Sen. Josh Hawley (R-MO) panned the report as a ‘complete joke’ and evidence that President Joe Biden ‘continues to shill for China.’

The Office of the Director of National Intelligence (DNI) of the Biden administration issued a study on probable connections between China’s contentious Wuhan Institute of Virology (WIV) and the global spread of COVID-19 on Friday, but eventually chose not to support a definitive judgment on the virus’s origins or divulge fresh material to the public.

Senator Josh Hawley (R-MO)  called the report a “complete joke” containing no information that was not already publicly available, which fell short of the law’s requirements and indicated that Biden was “continu[ing] to shill for China.”

Hawley’s COVID-19 Origin Act of 2023, which demanded that the federal government provide information on how the pandemic began, was signed by President Joe Biden in March. Biden committed to “declassify and share as much of that information as possible, consistent with my constitutional authority to protect against the disclosure of information that would harm national security.” Both Democrats and Republicans went on to support the plan.

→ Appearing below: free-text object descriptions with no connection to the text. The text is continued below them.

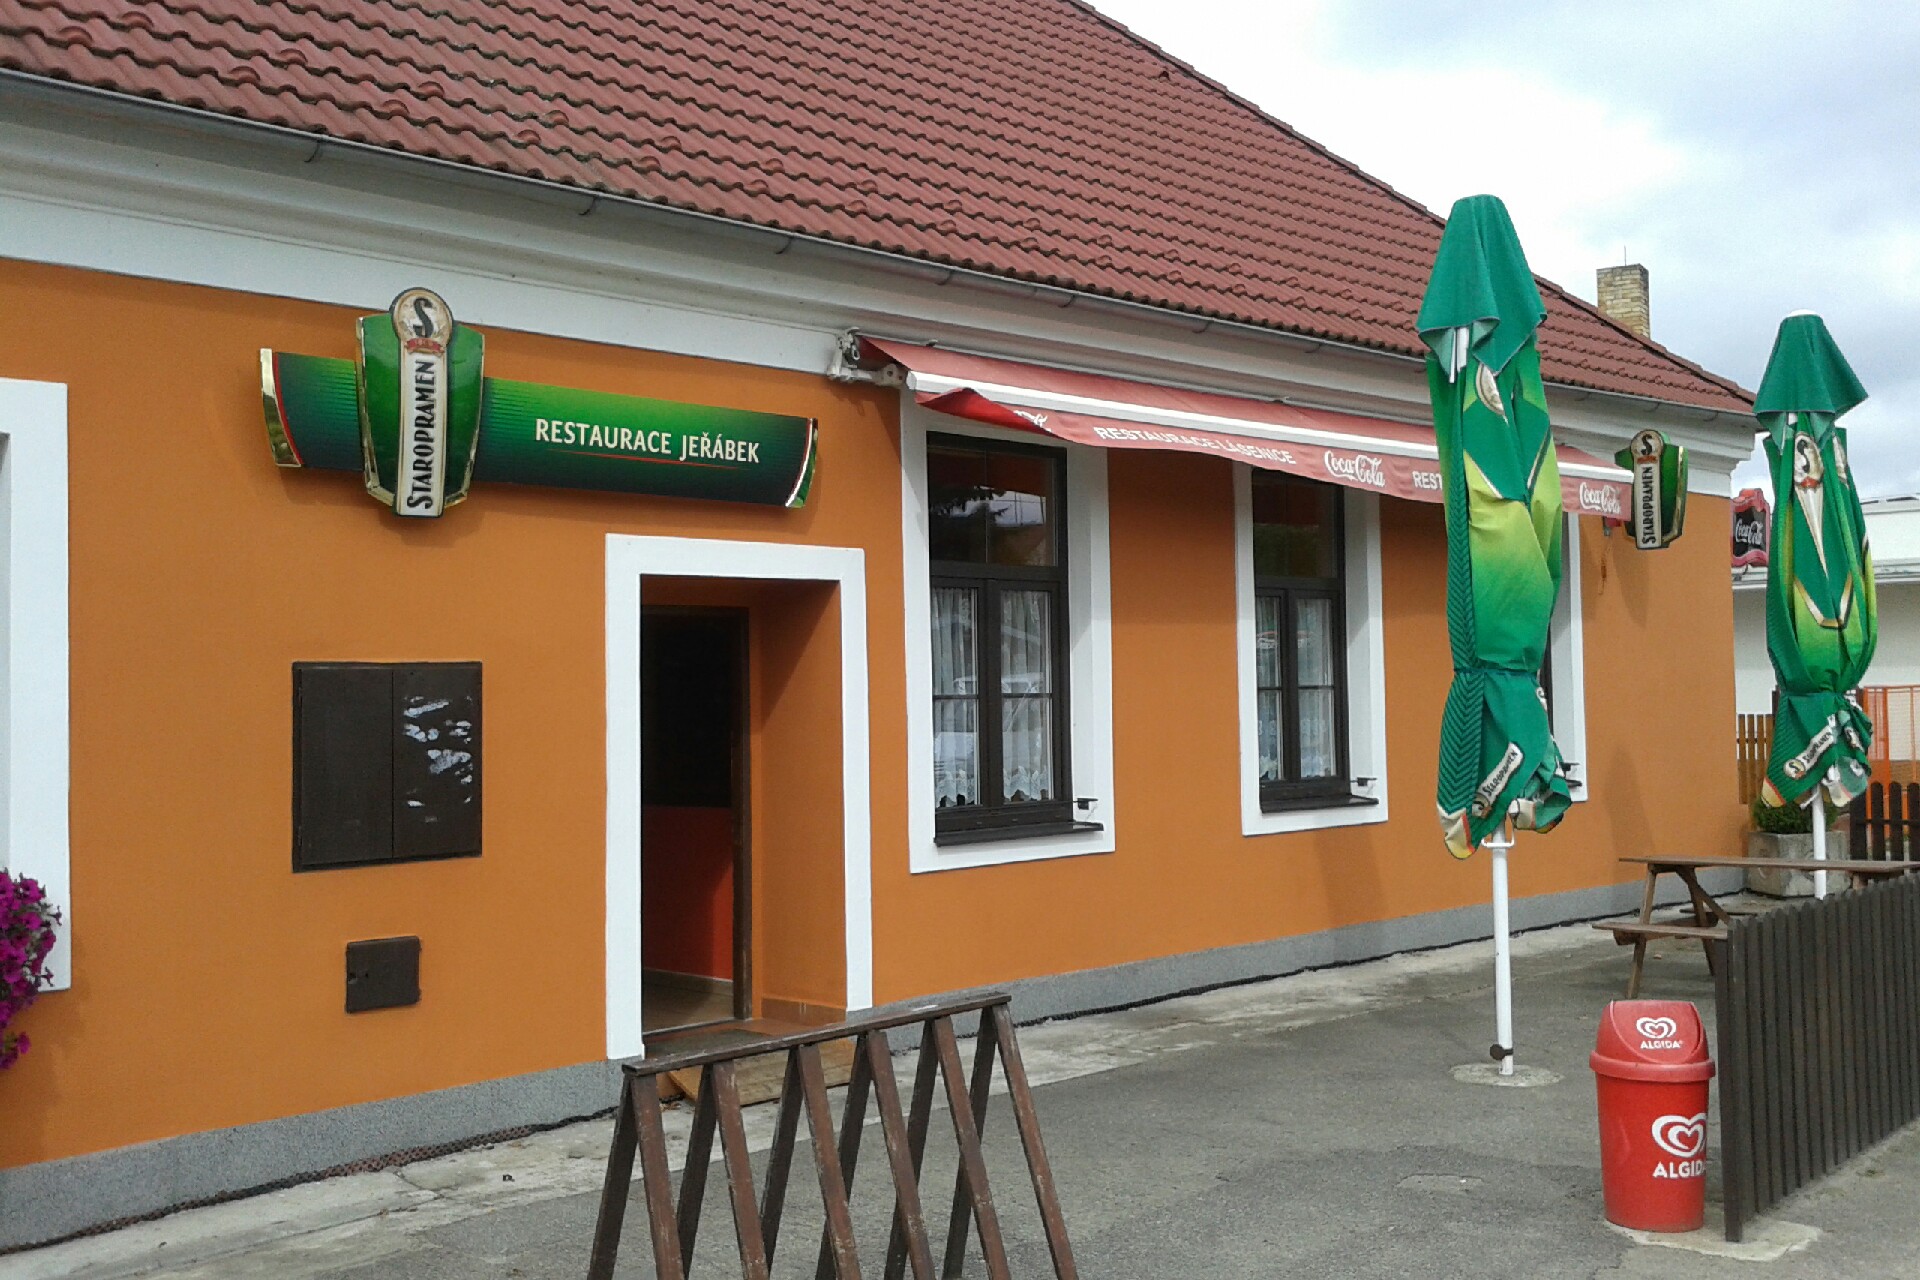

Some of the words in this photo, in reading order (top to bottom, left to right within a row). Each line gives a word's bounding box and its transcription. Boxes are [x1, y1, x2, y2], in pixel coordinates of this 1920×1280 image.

[413, 297, 434, 338] S
[407, 359, 435, 510] STAROPRAMEN
[535, 418, 673, 455] RESTAURACE
[679, 431, 760, 464] JEŘÁBEK
[1093, 426, 1221, 450] RESTAURACE
[1324, 450, 1386, 488] Coca-Cola
[1579, 481, 1621, 514] Coca-Cola
[1642, 466, 1656, 545] STAROPRAMEN
[1640, 1040, 1681, 1049] ALGIDA

The resulting DNI report, declassified June 23, opens with a disclaimer that it “does not address the merits of the two most likely pandemic origins hypotheses, nor does it explore other biological facilities in Wuhan other than the WIV.”

It notes that different federal agencies hold to different explanations, with the National Intelligence Council and “four other IC agencies” endorsing “natural exposure to an infected animal that carried SARS-CoV-2 or a close progenitor,” while the U.S. Department of Energy (DOE) and Federal Bureau of Investigation (FBI) consider a “laboratory-associated incident” most likely. The Central Intelligence Agency (CIA) does not endorse one theory over another, but “almost all IC agencies” agree COVID was not genetically engineered.

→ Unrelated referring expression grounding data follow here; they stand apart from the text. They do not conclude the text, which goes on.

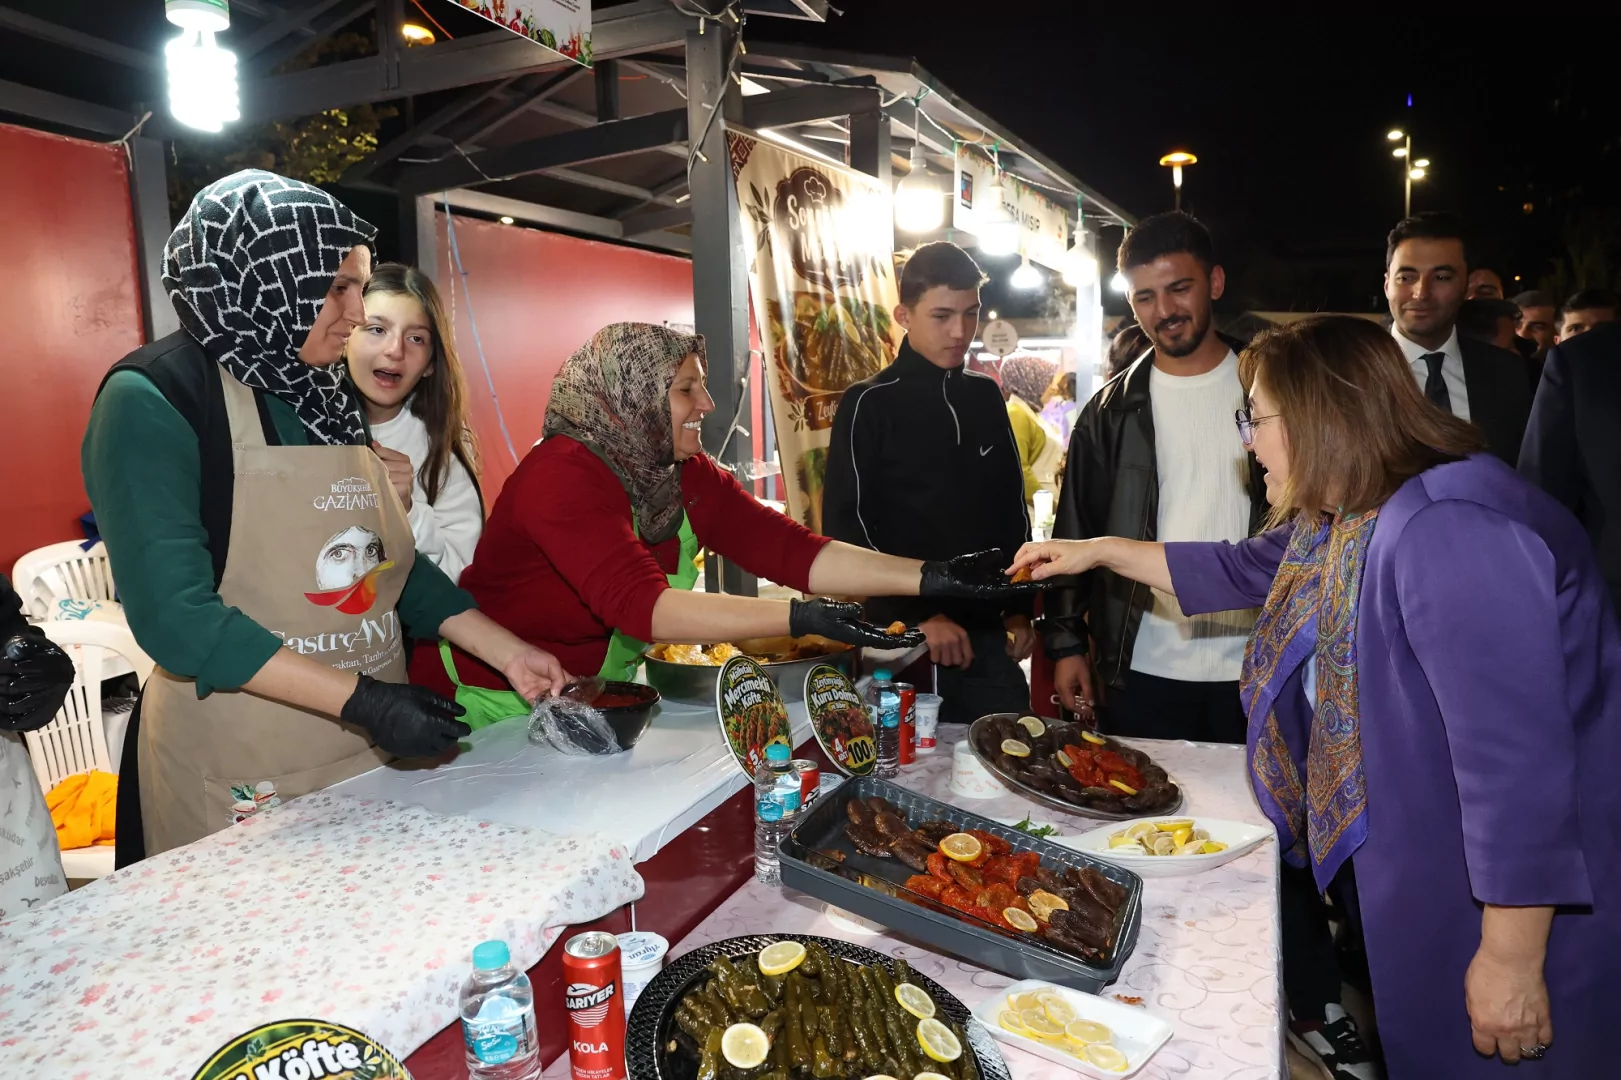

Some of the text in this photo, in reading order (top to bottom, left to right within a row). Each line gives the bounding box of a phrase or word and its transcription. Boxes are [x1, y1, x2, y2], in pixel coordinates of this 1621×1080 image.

[816, 400, 839, 422] Zeyti
[724, 676, 771, 710] Mercimekli
[741, 691, 762, 709] Köfte
[811, 688, 860, 709] Kuru Dolma
[749, 748, 758, 765] 5
[835, 738, 844, 752] 4
[848, 739, 870, 764] 100
[627, 944, 660, 960] Ayran
[566, 983, 614, 1009] SARIYER
[573, 1040, 609, 1054] KOLA
[254, 1040, 362, 1080] Köfte

“Information available to the IC indicates that some of the research conducted by the PLA [the Chinese People’s Liberation Army, whose scientists have worked with WIV] and WIV included work with several viruses, including coronaviruses, but no known viruses that could plausibly be a progenitor of SARS-CoV-2,” the report claims. “We continue to have no indication that the WIV’s pre-pandemic research holdings included SARSCoV-2 or a close progenitor, nor any direct evidence that a specific research-related incident occurred involving WIV personnel before the pandemic that could have caused the COVID pandemic.”

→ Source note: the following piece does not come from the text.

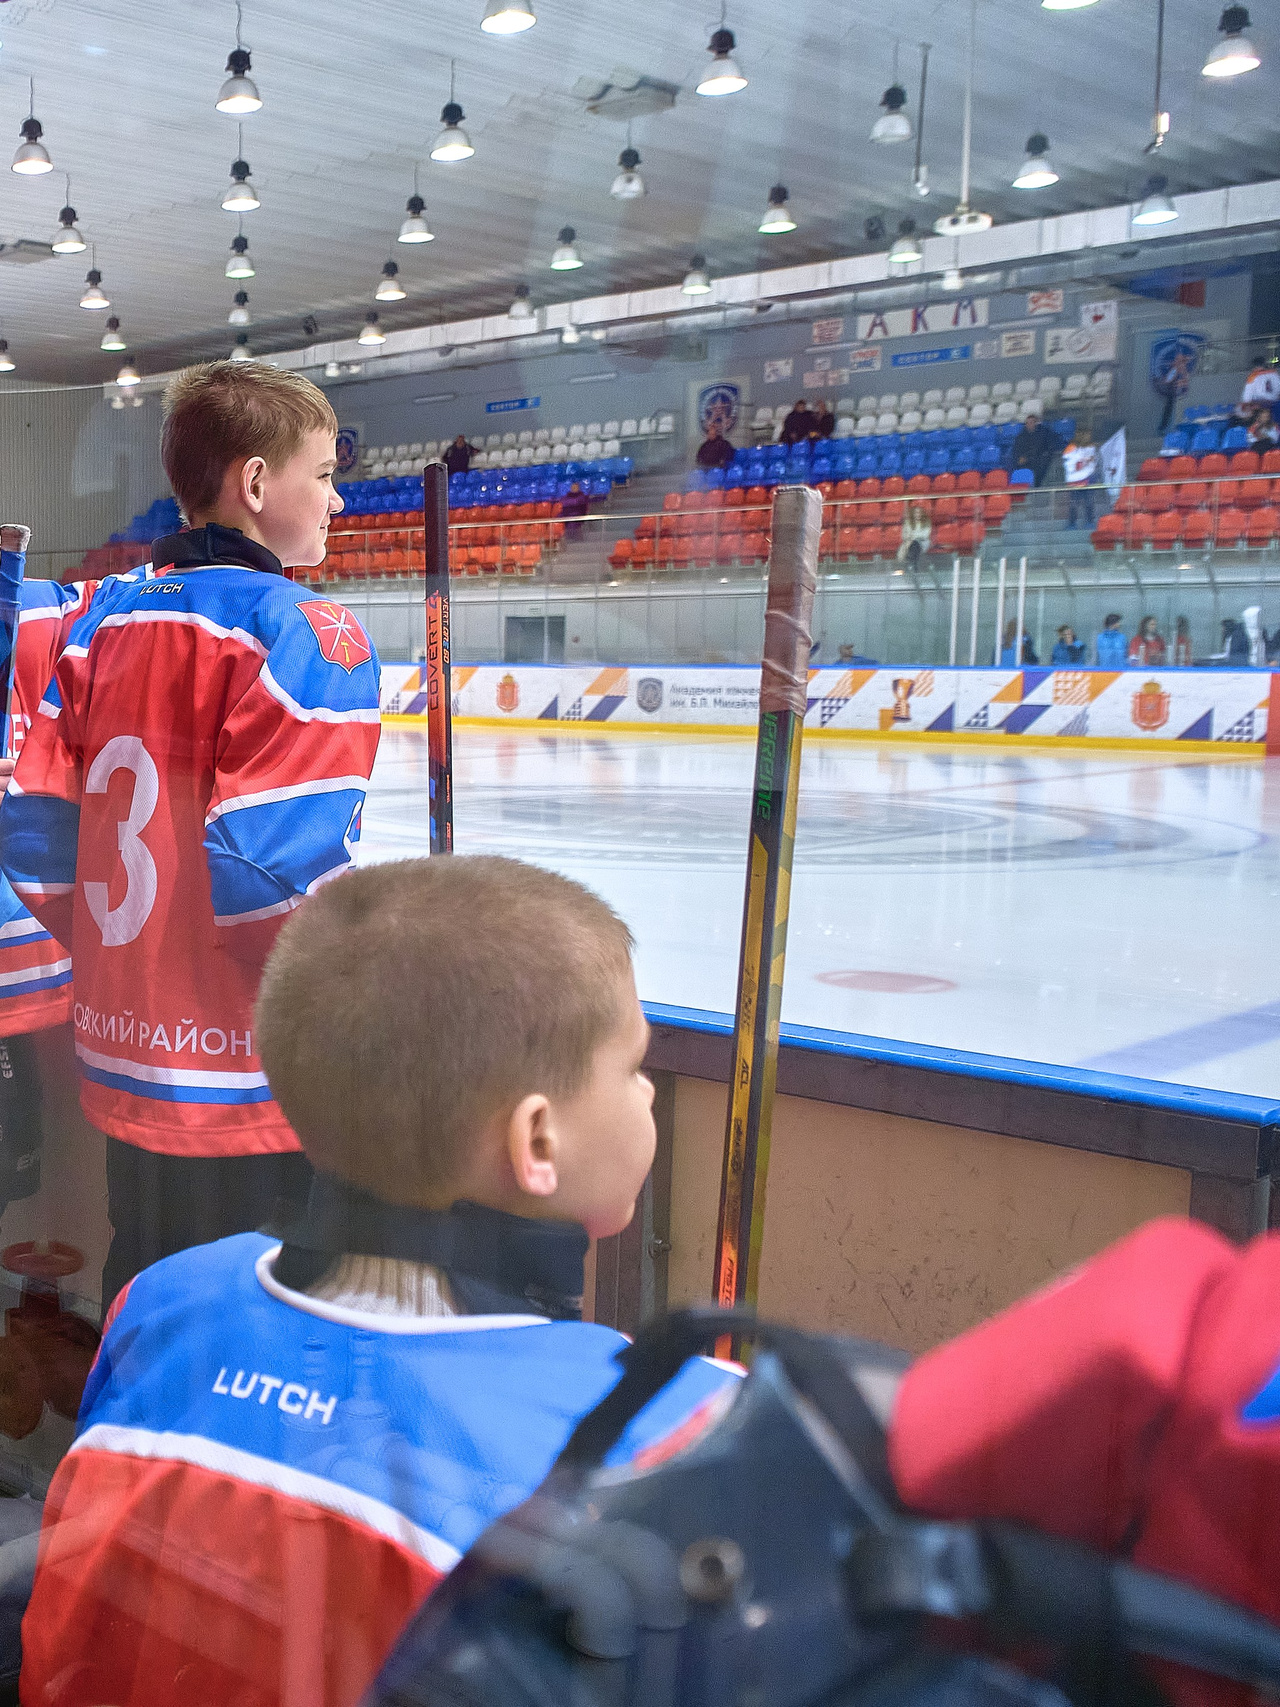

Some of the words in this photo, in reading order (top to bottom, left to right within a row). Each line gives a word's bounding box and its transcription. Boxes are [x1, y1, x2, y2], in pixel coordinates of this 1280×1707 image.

The report concedes that “[s]ome of the WIV’s genetic engineering projects on coronaviruses involved techniques that could make it difficult to detect intentional changes,” and that “[s]ome WIV researchers probably did not use adequate biosafety precautions at least some of the time prior to the pandemic in handling SARS-like coronaviruses, increasing the risk of accidental exposure to viruses.”

It notes that “several WIV researchers were ill in Fall 2019 with symptoms” that “were consistent with but not diagnostic of COVID-19” and apparently did not require hospitalization. It also cites the World Health Organization’s (WHO’s) March 2021 report on WIV officials stating that “lab employee samples all tested negative for SARS-CoV-2 antibodies,” without addressing longstanding criticisms of the international health body for uncritically accepting various false claims from the Chinese government. Former President Donald Trump announced plans to withdraw from the WHO in July 2020, but his successor President Joe Biden canceled the pullout.

Politico reports that House Permanent Select Committee on Intelligence chair Mike Turner and House Oversight and Accountability Subcommittee on the Coronavirus Pandemic chair Brad Wenstrup (both Republicans from Ohio) called the report a “promising step toward full transparency,” but the lawmaker who spearheaded the effort to force its release wasn’t nearly as impressed.

The DNI report fails to address developments in the case that have already been published, and in some instances appears to directly contradict them. It also fails to allay concerns that the government is working with a clear interest in denying any responsibility it may have for the epidemic.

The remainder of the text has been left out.